◆ **Stored data**:

################

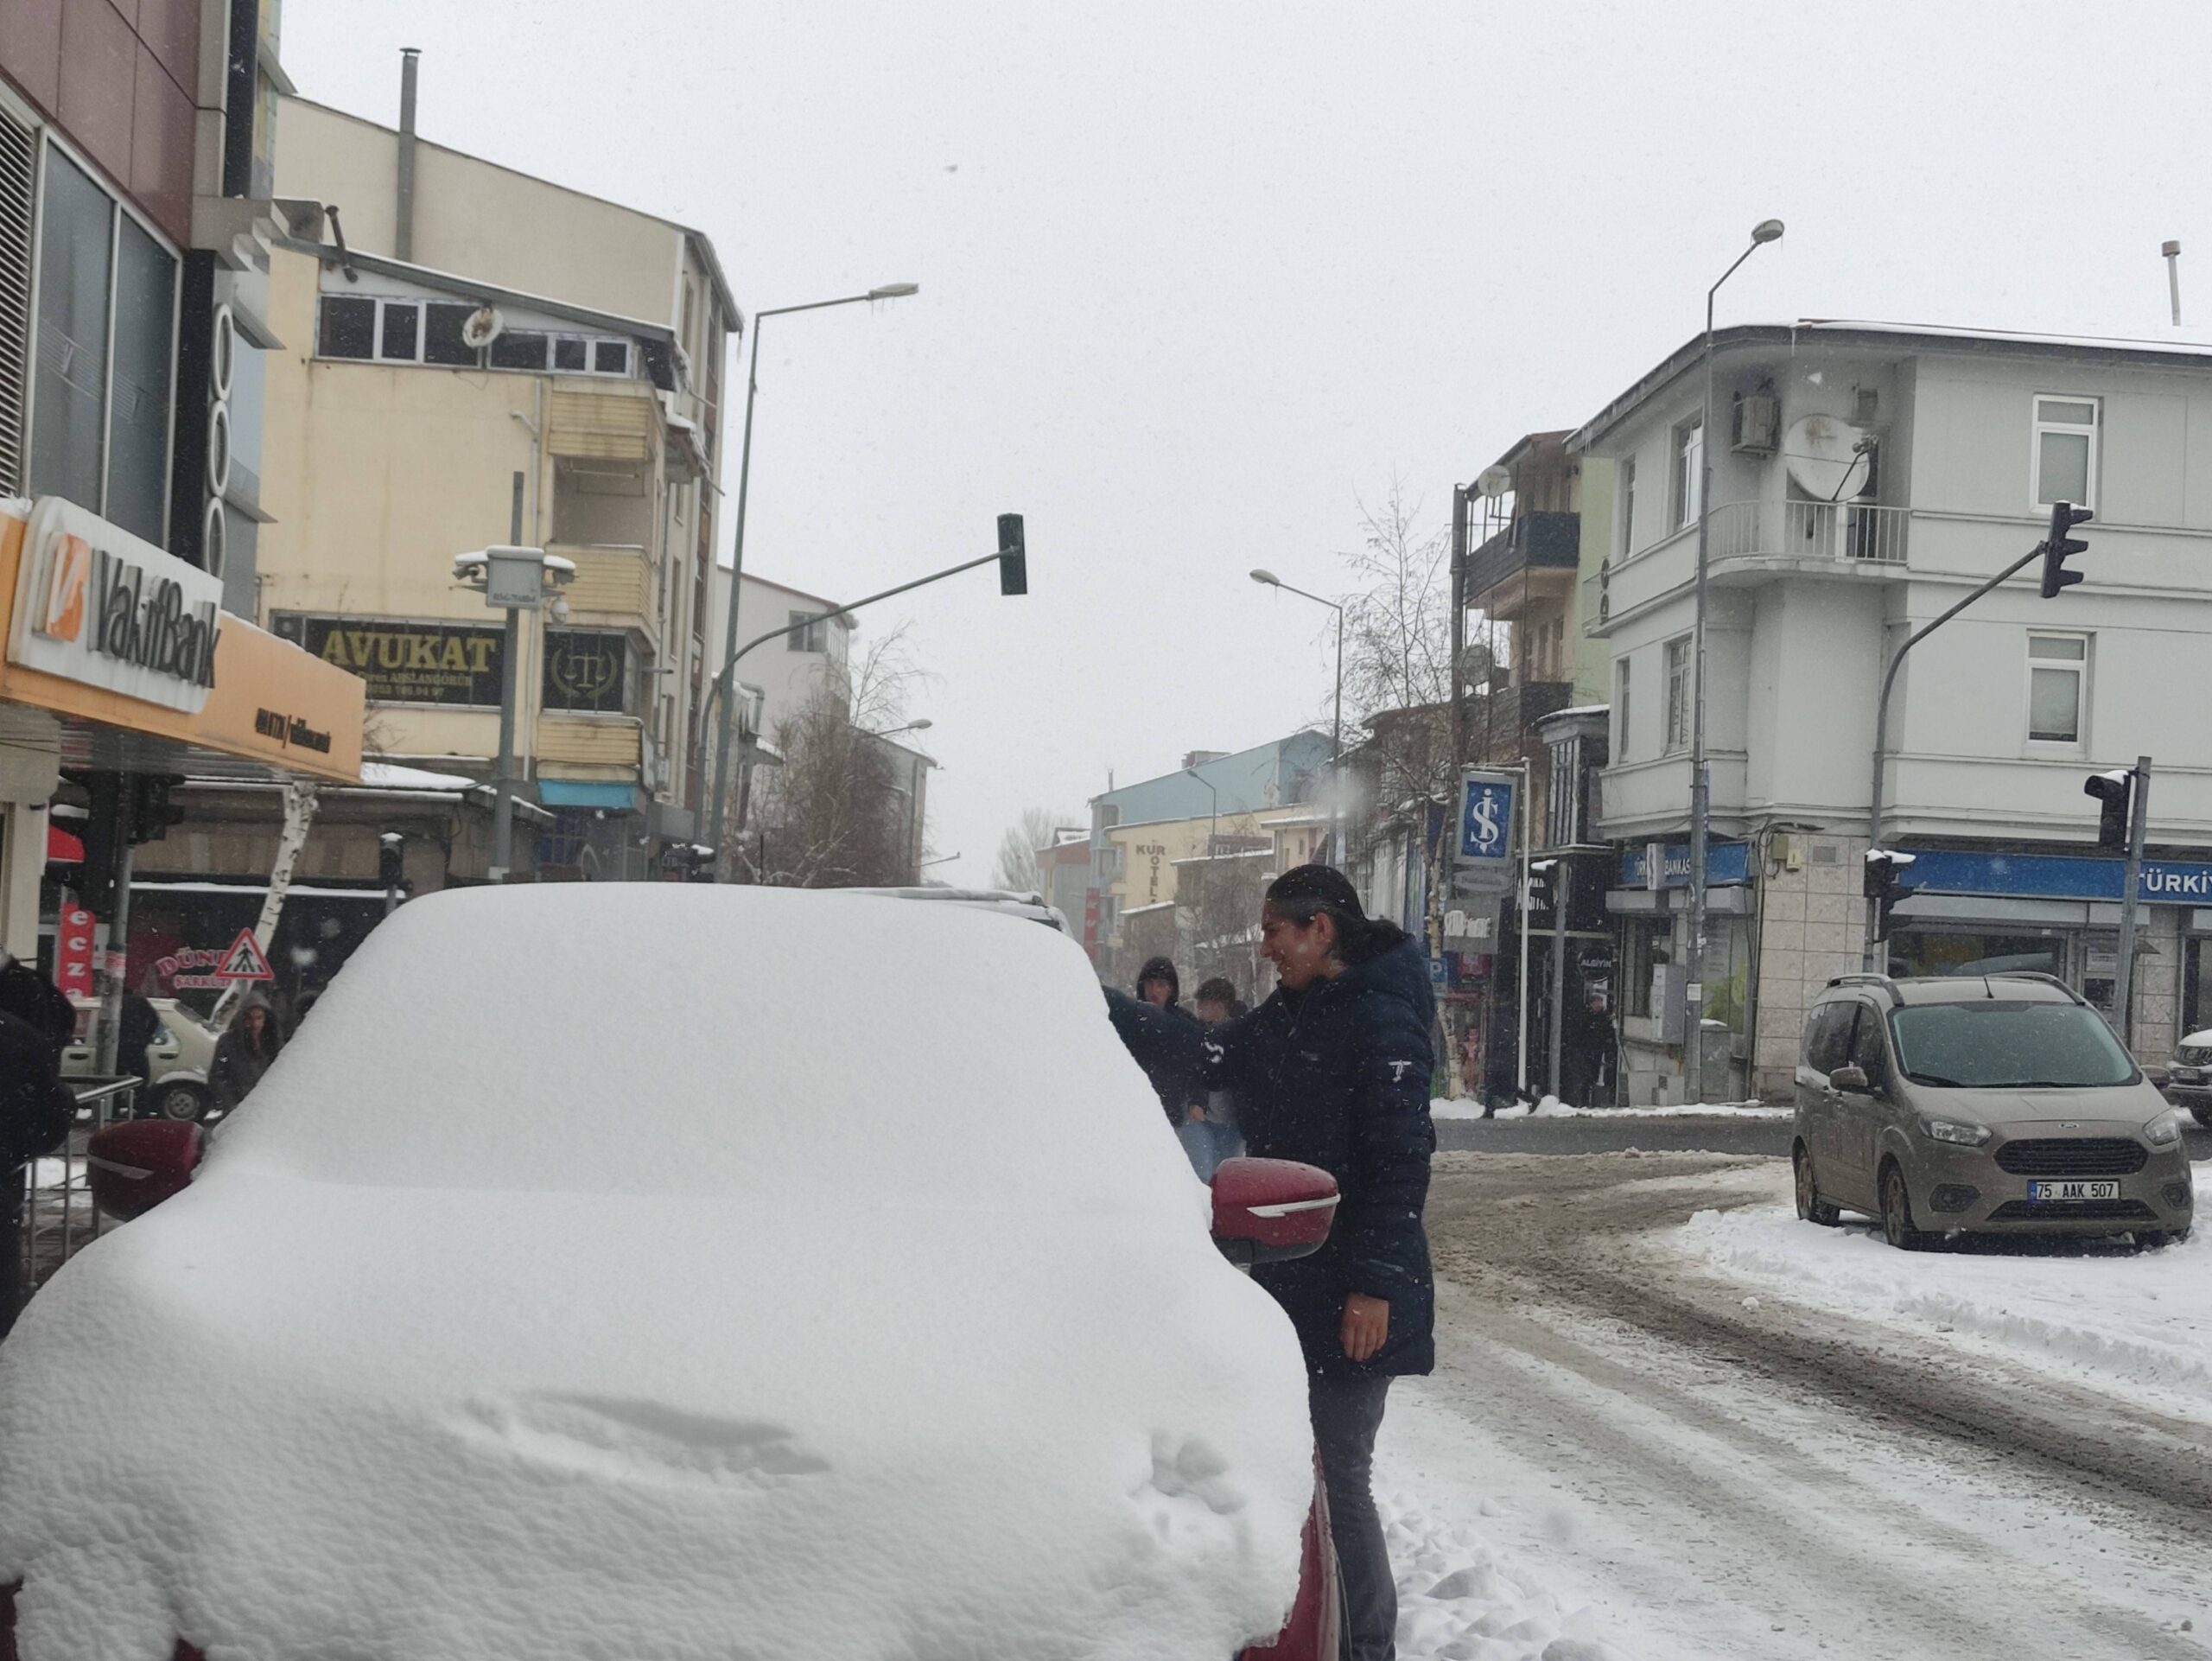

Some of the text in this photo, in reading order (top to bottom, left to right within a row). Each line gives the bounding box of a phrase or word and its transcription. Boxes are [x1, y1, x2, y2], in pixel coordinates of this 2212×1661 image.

[321, 630, 496, 671] AVUKAT
[1149, 856, 1160, 897] OTEL
[2139, 868, 2212, 894] ÜRKİ
[1430, 962, 1442, 983] P
[2037, 1184, 2113, 1198] 75 AAK 507
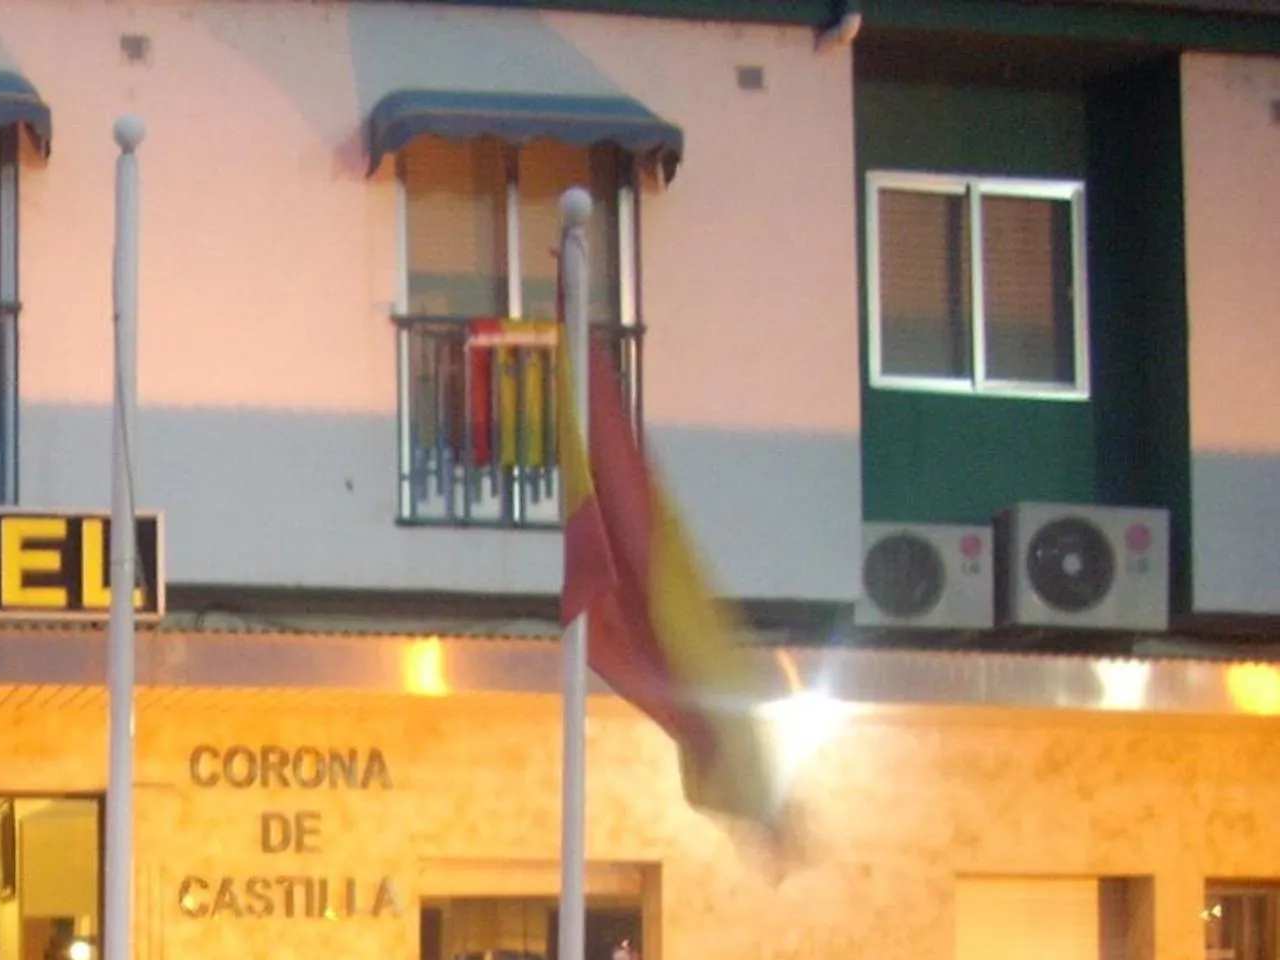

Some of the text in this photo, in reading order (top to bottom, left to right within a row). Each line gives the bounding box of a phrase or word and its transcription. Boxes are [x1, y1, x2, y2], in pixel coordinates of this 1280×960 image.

[189, 744, 393, 790] CORONA
[260, 810, 322, 853] DE
[178, 874, 402, 918] CASTILLA
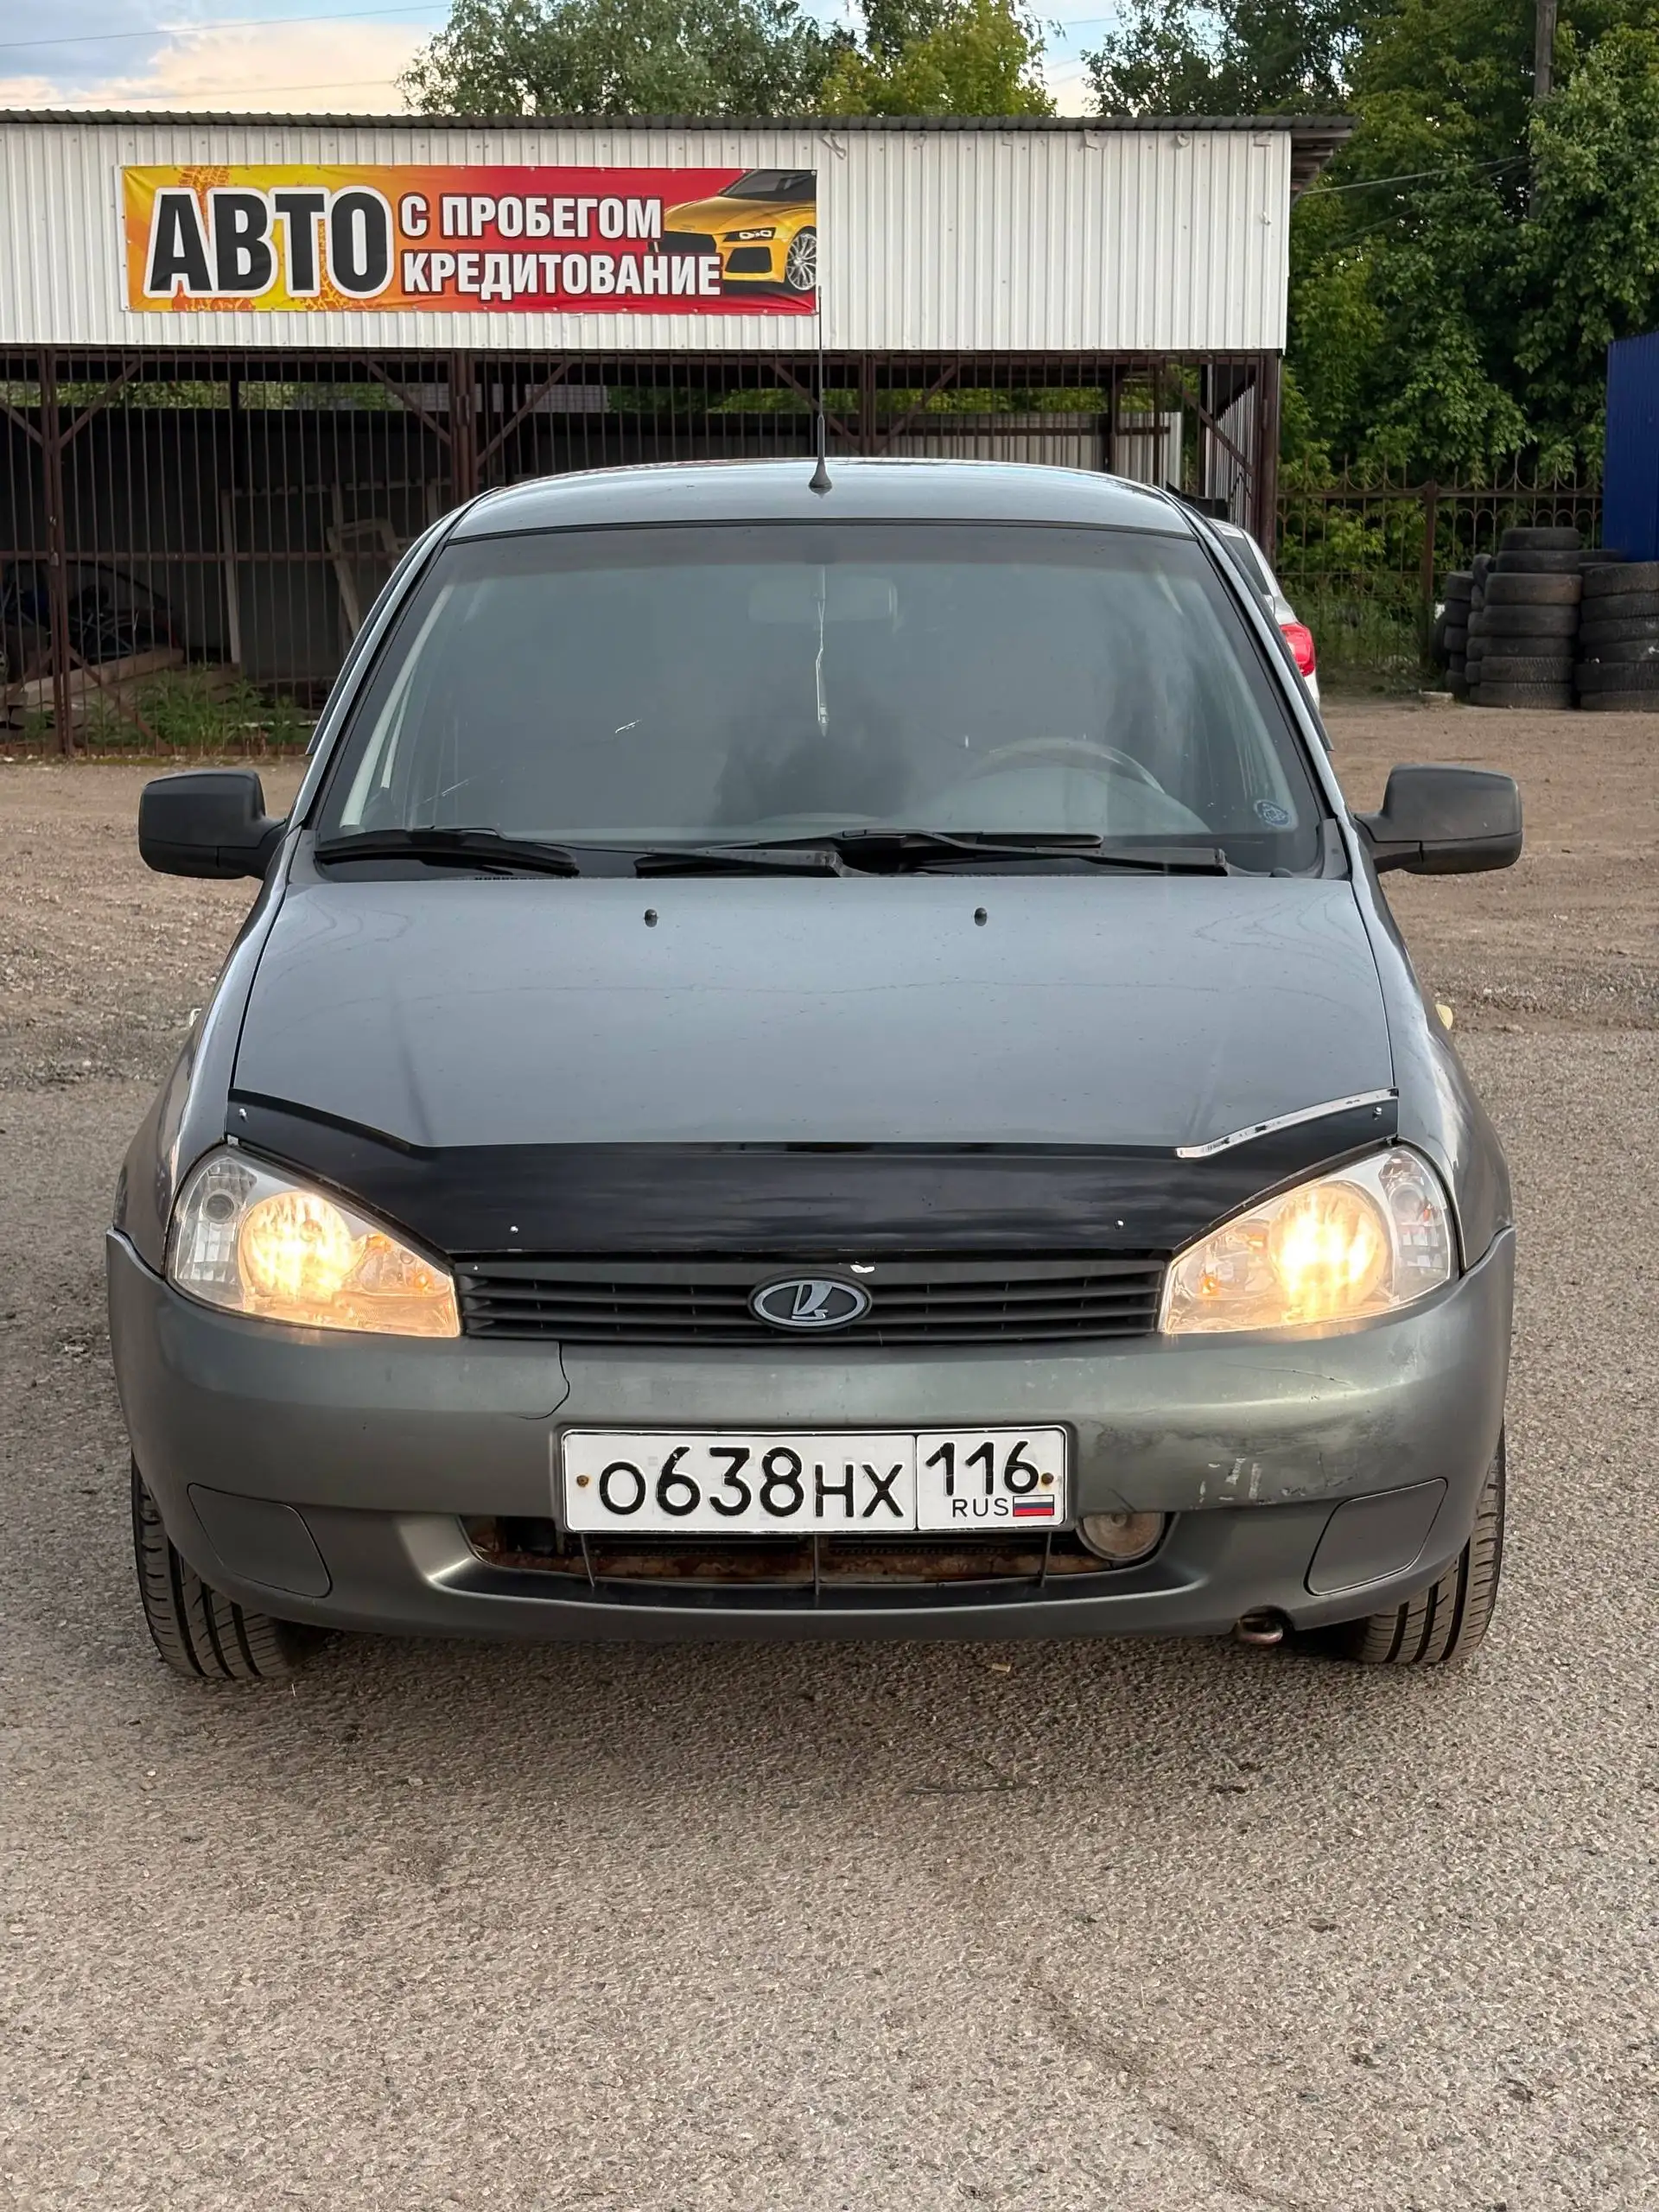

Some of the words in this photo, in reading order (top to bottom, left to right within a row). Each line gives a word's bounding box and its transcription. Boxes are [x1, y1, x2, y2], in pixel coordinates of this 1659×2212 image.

################

◆ **WHAT YOU SHOULD DO**:
Needed here is only the span from the line with "this 1280×960 image." through the last line of the entries, copied exactly with both ends and without pictures.

◆ **EXPECTED ANSWER**:
Some of the text in this photo, in reading order (top to bottom, left to right within a row). Each line gives the bounding box of a phrase or word and its transcription. Boxes are [x1, y1, x2, y2], in pixel coordinates of this 1280×960 image.

[189, 744, 393, 790] CORONA
[260, 810, 322, 853] DE
[178, 874, 402, 918] CASTILLA

Some of the words in this photo, in reading order (top to bottom, left to right within a row). Each line gives a word's bounding box and its transcription. Boxes are [x1, y1, x2, y2], in pixel coordinates of this 1659×2212 image.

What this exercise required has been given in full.